I’m sitting at this wedding, looking all fly but really wishing I was someplace else. I’ve kinda gotten tired of the whole saturday wedding ritual. For me, it’s just another wedding though of course for the bride and groom and their families, it is one phenomenal experience unlike any other. One they wanna relive and remember for the rest of their lives or so it seems…

Aha, here comes the groom. The organ music snaps me out of my reverie and I see him dance in, a tad unsteady, I might add. And following closely behind are his Men-in-black, all wearing sunshades in a dark church! I shake my head. Naija men can be razz I tell you. Anyway they all look like a bunch of CIA agents, cute and all like the Tom Cruise or Will Smith type not the Naija-trained touts that seem to be cropping up everywhere killing people for a buck or two. πŸ˜‰
The bride marches in with her pretty train and pretty dress and though I’ve seen ugly brides, she is without doubt beautiful and beaming from ear to ear. She seems to hesitate as she sees the men in front all in dark shades but recovers quickly and continues the dance with her father towards the altar. The service starts…

As the pastor takes the stage, the first thing to pop out of his mouth is a joke aimed at the groom and his men.

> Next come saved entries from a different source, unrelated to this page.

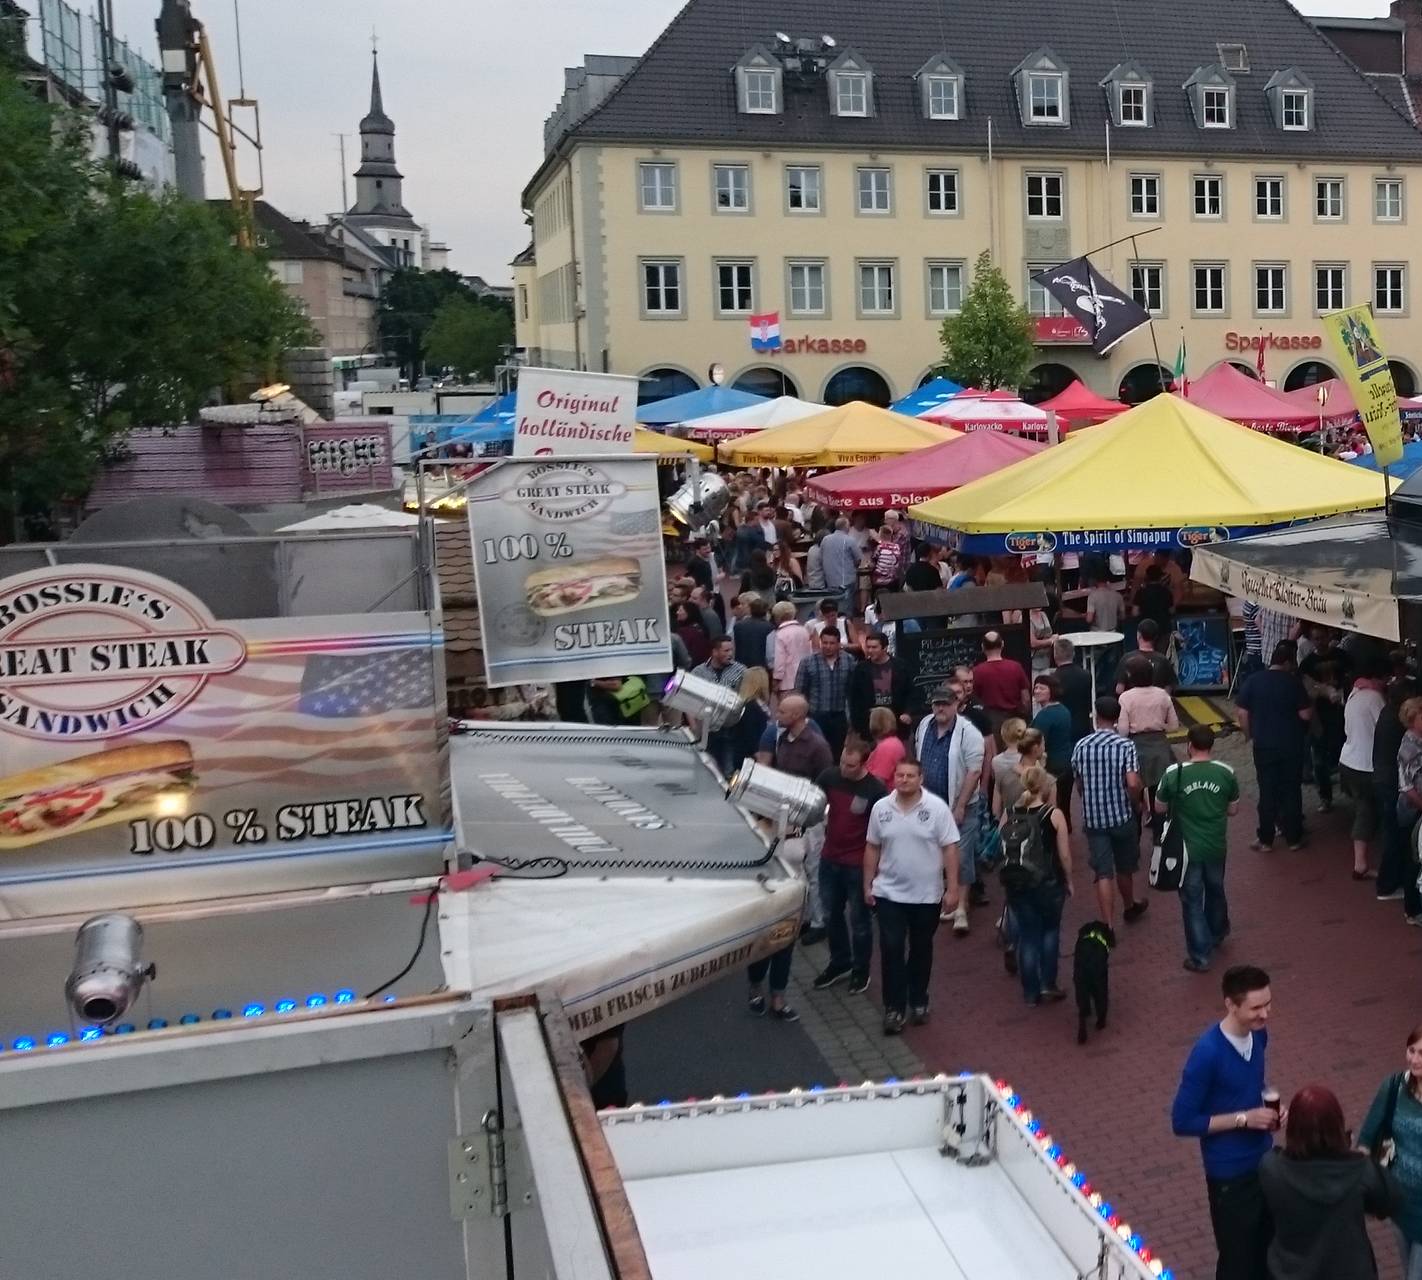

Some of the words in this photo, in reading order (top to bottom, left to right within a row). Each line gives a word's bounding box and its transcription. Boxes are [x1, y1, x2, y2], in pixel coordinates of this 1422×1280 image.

[1226, 332, 1322, 353] Sparkasse
[537, 390, 619, 415] Original
[518, 417, 632, 442] holländische
[517, 487, 560, 498] GREAT
[565, 483, 611, 496] STEAK
[860, 496, 884, 506] aus
[890, 493, 930, 506] Polen
[528, 499, 599, 520] SANDWICH
[482, 534, 540, 564] 100
[545, 532, 573, 557] %
[1008, 536, 1037, 550] Tiger
[1063, 531, 1080, 545] The
[1084, 531, 1111, 545] Spirit
[1114, 530, 1125, 543] of
[1127, 530, 1171, 545] Singapur
[1181, 530, 1209, 544] Tiger
[555, 618, 660, 651] STEAK
[90, 638, 210, 672] STEAK
[130, 815, 215, 854] 100
[224, 809, 266, 843] %
[277, 795, 428, 841] STEAK
[606, 978, 666, 1017] FRISCH
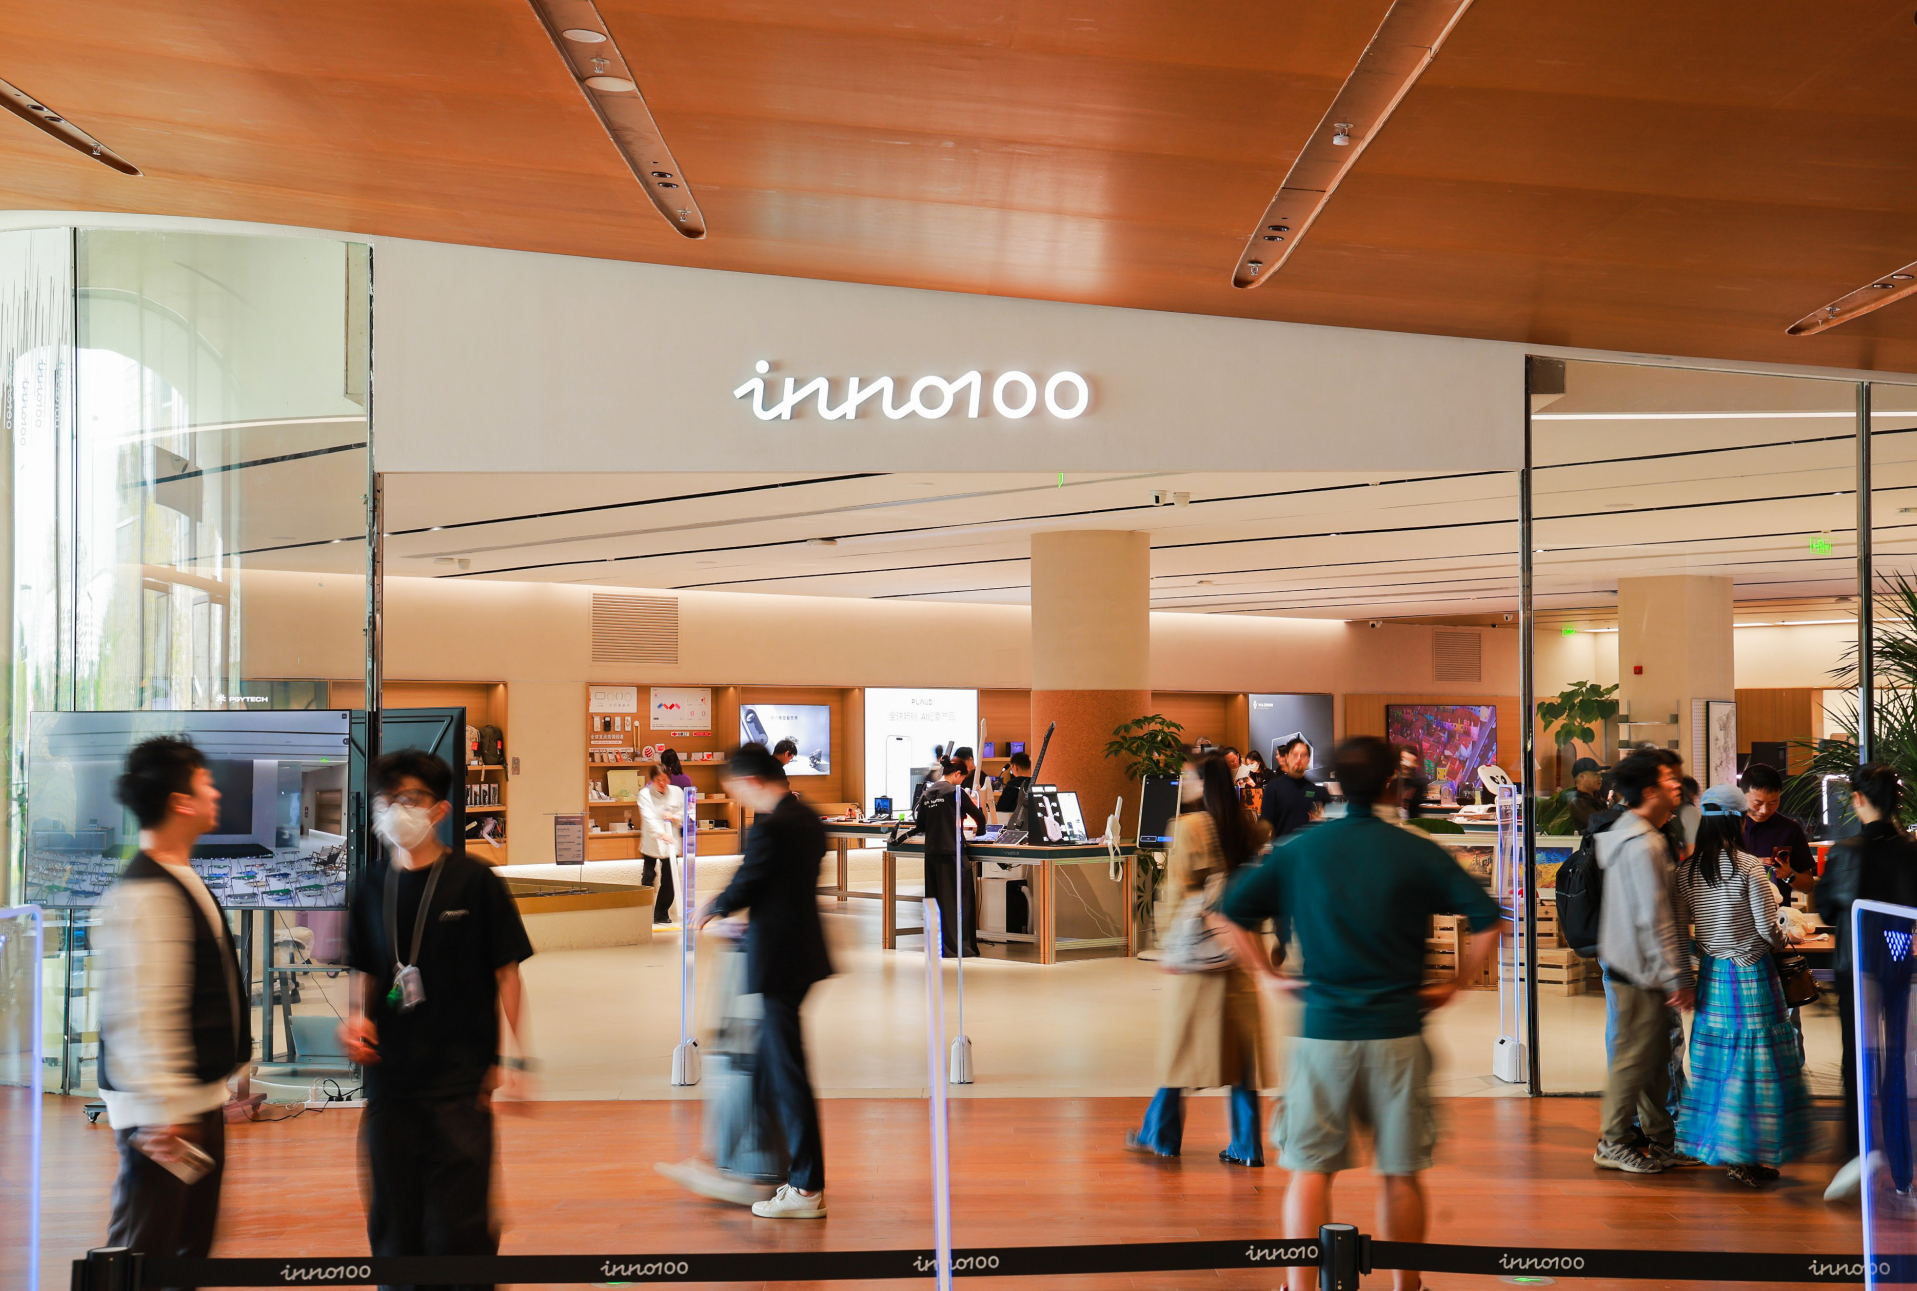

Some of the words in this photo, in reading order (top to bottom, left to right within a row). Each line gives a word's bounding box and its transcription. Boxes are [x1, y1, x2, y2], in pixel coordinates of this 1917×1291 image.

[732, 359, 1089, 421] inno100
[20, 377, 30, 446] inno100
[911, 698, 933, 706] PLAUD
[1245, 1245, 1319, 1261] inno10
[1498, 1253, 1585, 1270] inno100
[600, 1260, 689, 1276] inno100
[913, 1255, 1000, 1272] ino100
[1808, 1259, 1891, 1276] inno00
[280, 1264, 372, 1281] inno100

He tells them the bride will need to look into their eyes as she says ‘I do’ to ensure that she isn’t marrying the wrong guy. They reluctantly remove their designer shades… Wait! Is there an outbreak of apollo? No it is rainy season. So why do all the men look like someone beat ’em black and blue and forced them to act in the hit movie ‘Twilight’? Their blood-shot eyes look bereft of sleep and announce a first-class hangover. No doubt the wedding pics would need some photoshop magic…

My friend is on the train and she pings me…’Wtf, why on earth would they get so high the night before such an important day…?’
As the wedding proceeds, I watch these men intently, pondering over my friend’s question and seeing the men’s reaction to public scrutiny. During the reception, all of them except the groom gobble down a big helping of food and then the drinking continues in full force. The groom who is unable to eat much, keeps drinking… I saw a pic once and the caption read; ‘Avoid Hangovers, Stay Drunk!’ Seriously, maybe that was what he was tryna do. πŸ˜‰ The shades came back on during the reception and I wondered if there’d be any consummation of marriage that night! Imagine the bride in her pricey Victoria secrets lingerie all geared up and the man passing out on the bed before you can say ‘I now pronounce you man and wife!’

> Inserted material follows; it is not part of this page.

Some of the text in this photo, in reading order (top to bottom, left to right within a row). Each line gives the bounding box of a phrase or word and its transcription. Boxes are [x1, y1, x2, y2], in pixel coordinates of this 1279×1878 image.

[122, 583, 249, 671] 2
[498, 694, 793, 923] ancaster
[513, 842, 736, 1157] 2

It has become almost the status quo for the average guy and his grooms-men to show up high or hungover for the wedding. These men are not alcoholics but see a wedding as an excuse for binge-drinking and this got me thinking…many a groom would not drink half as much at any other owambe, neither would he drink the day before a big event like a job interview or a meeting with the boss so why didn’t it bother them that on the day they signed their lives into another’s hands- publicly, if I might add, they could barely repeat the vows or even walk straight cos their eyes were blurry and the floor was swimming?

Here are 7 rather comical reasons why men get drunk the night before saying ‘I do’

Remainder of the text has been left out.